Pictures should not appear in the copy; the records themselves must be written out exactly.

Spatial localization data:
%%
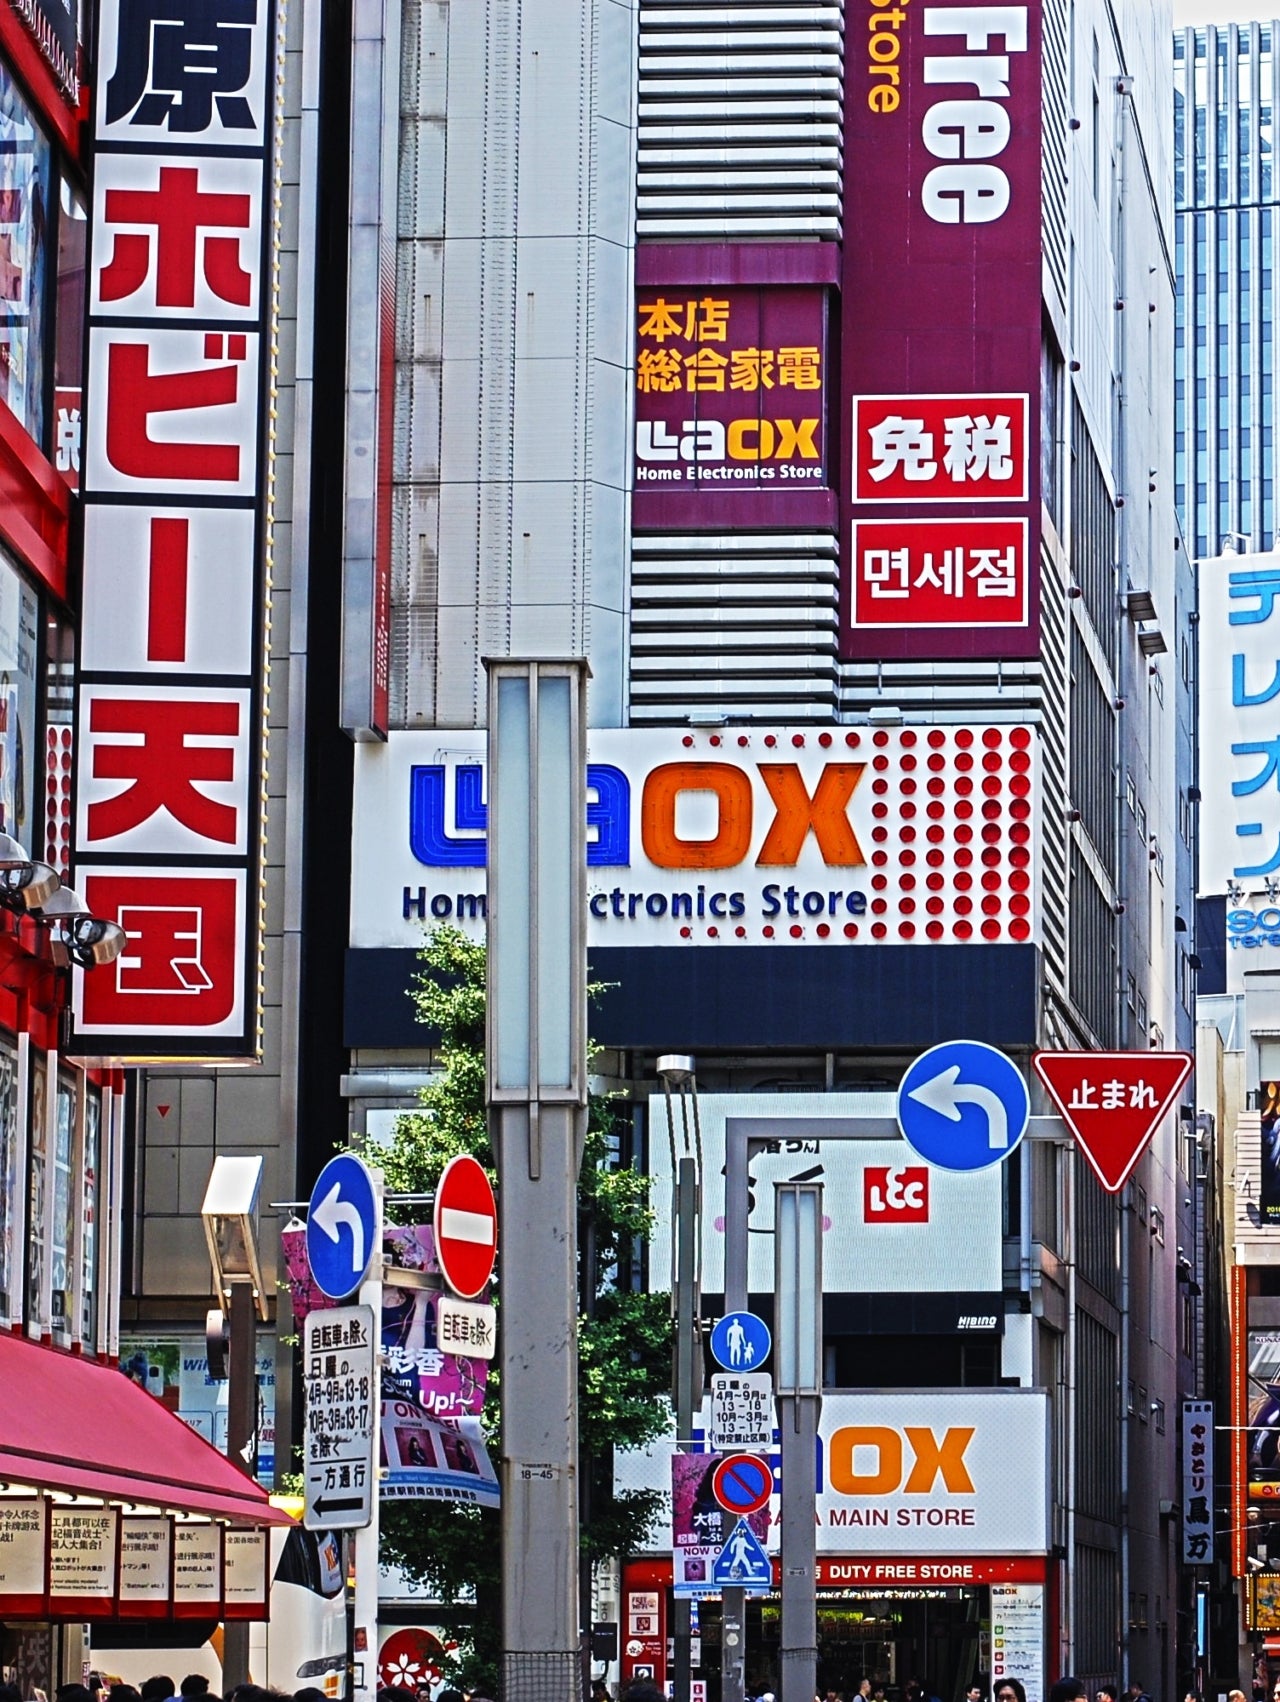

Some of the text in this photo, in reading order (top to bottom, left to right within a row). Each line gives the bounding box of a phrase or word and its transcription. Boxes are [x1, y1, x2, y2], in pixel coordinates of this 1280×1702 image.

[922, 7, 1028, 224] Free
[638, 298, 729, 343] 本店
[636, 347, 822, 393] 総合家電
[867, 414, 1014, 484] 免税
[637, 464, 823, 481] Home Electronics Store
[863, 547, 1017, 599] 면세점
[402, 885, 488, 919] Hom
[762, 883, 867, 918] Store
[1067, 1078, 1160, 1110] 止まれ
[310, 1465, 366, 1490] 一方通行
[521, 1469, 553, 1479] 18-45
[829, 1510, 888, 1527] MAIN
[896, 1509, 975, 1527] STORE
[829, 1565, 973, 1578] DUTY FREE STORE
%%
Completed exercise
Some of the text in this photo, in reading order (top to bottom, left to right within a row). Each line gives the bounding box of a phrase or word and its transcription. Boxes are [x1, y1, x2, y2], in pixel coordinates of this 1280×1702 image.

[922, 7, 1028, 224] Free
[638, 298, 729, 343] 本店
[636, 347, 822, 393] 総合家電
[867, 414, 1014, 484] 免税
[637, 464, 823, 481] Home Electronics Store
[863, 547, 1017, 599] 면세점
[402, 885, 488, 919] Hom
[762, 883, 867, 918] Store
[1067, 1078, 1160, 1110] 止まれ
[310, 1465, 366, 1490] 一方通行
[521, 1469, 553, 1479] 18-45
[829, 1510, 888, 1527] MAIN
[896, 1509, 975, 1527] STORE
[829, 1565, 973, 1578] DUTY FREE STORE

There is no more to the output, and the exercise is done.